Step 3 — Group commit benchmark

Goal

Quantify the cost of fsync and the throughput win from group commit.

bench-group PATH N BATCH:

for i in 0..N:
    append(payload)
    if (i+1) % BATCH == 0: sync()
sync()   // final

PATH is a brand-new file each run. N = 50_000 is a good starting point on a modern SSD.

Batch	Throughput	Avg latency / sync	Bytes flushed / sync
1	~1,800 rec/s	~560 µs	~72 B
8	~12,000 rec/s	~670 µs	~576 B
64	~110,000 rec/s	~580 µs	~4.6 KB
512	~260,000 rec/s	~1.0 ms	~37 KB
4096	~310,000 rec/s	~13 ms	~295 KB

Two effects worth noting:

Sync time is roughly constant up to ~4KB: the bottleneck is the per-fsync overhead (syscall + journal commit), not the byte count.
Returns diminish past batch ~256: bandwidth becomes the next limit. Past ~4096 you start hitting tail-latency cliffs.

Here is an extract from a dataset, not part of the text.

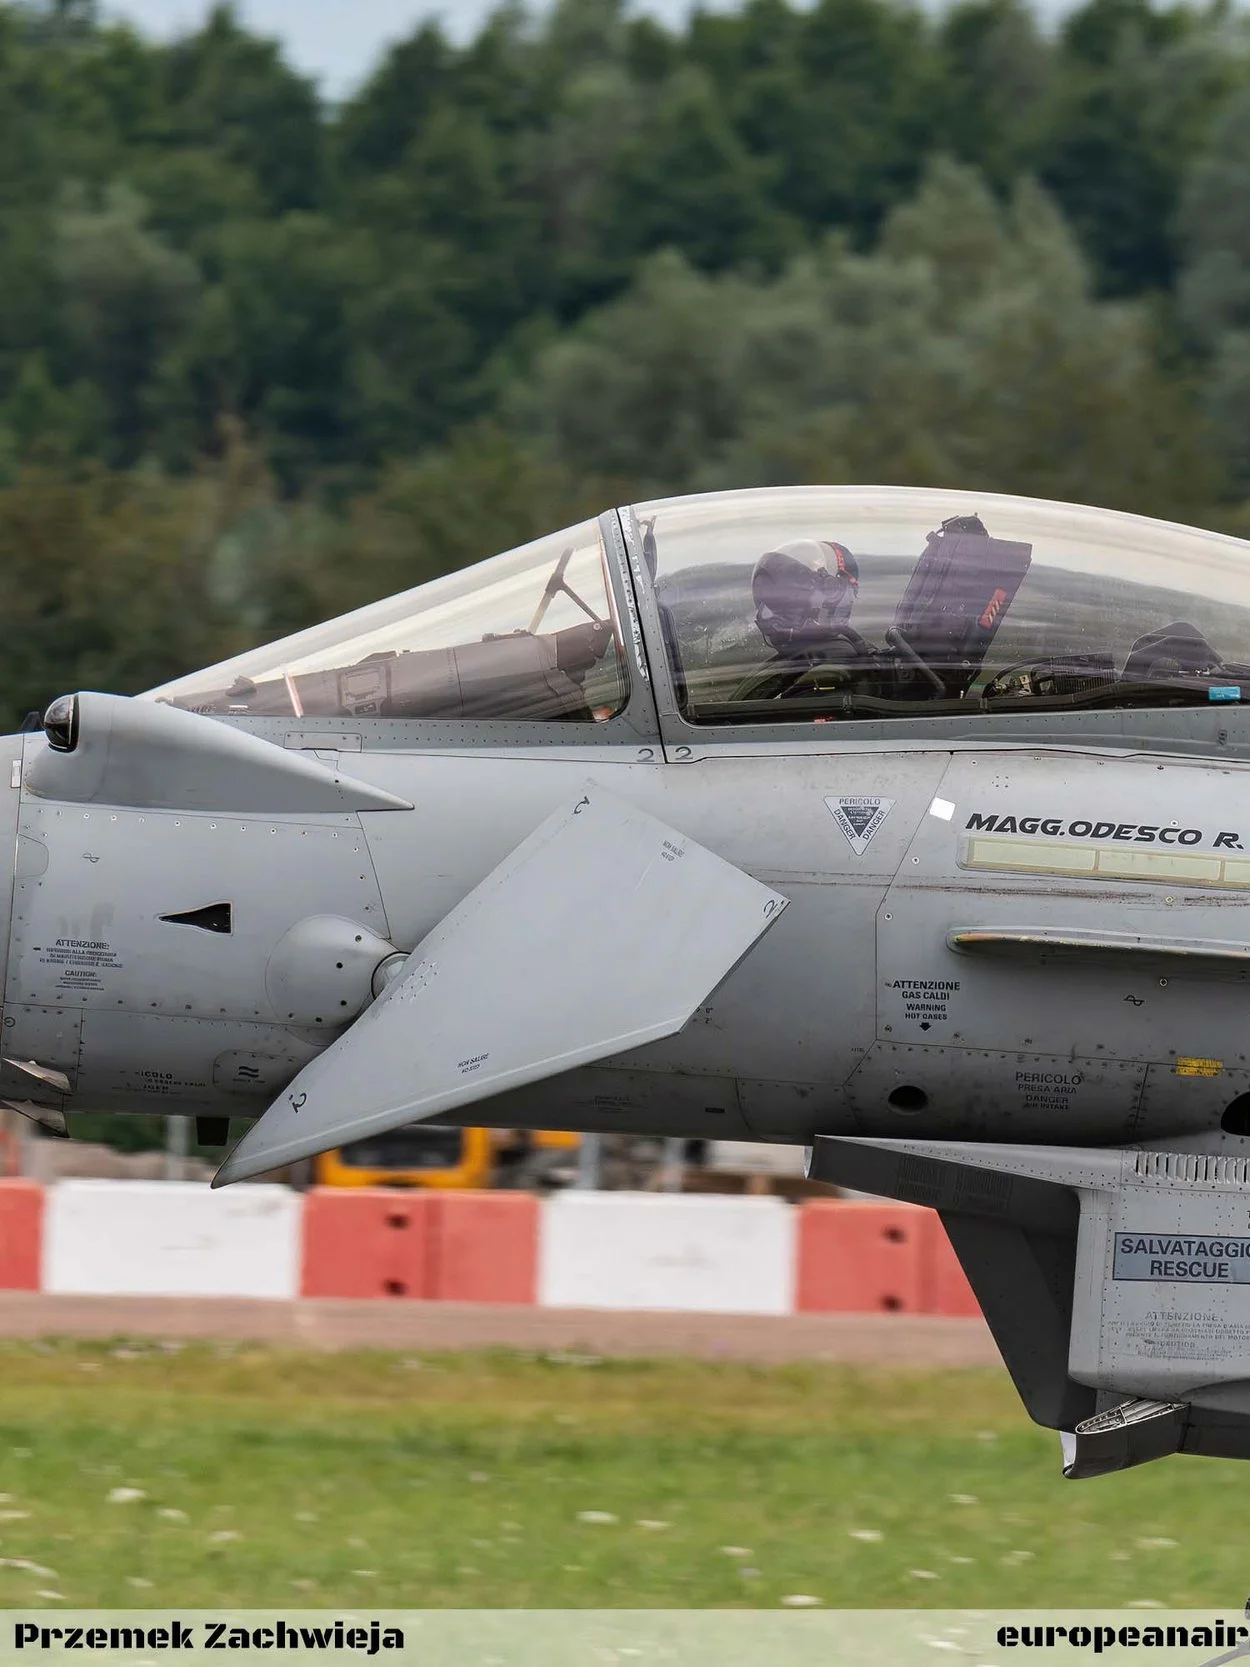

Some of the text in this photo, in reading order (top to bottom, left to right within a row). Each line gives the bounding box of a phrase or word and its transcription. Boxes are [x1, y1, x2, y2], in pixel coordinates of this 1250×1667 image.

Per-record throughput is the same as group=64: your sync() isn't doing anything (no-op, wrong fd, or bufio.Writer swallowing the write).
Throughput keeps climbing past group=4096: you may not be calling sync() at all between batches.
macOS numbers look impossibly fast: plain fsync does not flush the device cache. Re-run with F_FULLFSYNC to compare.

On NVMe + ext4:

The shape is identical; absolute numbers depend on the device's flush latency.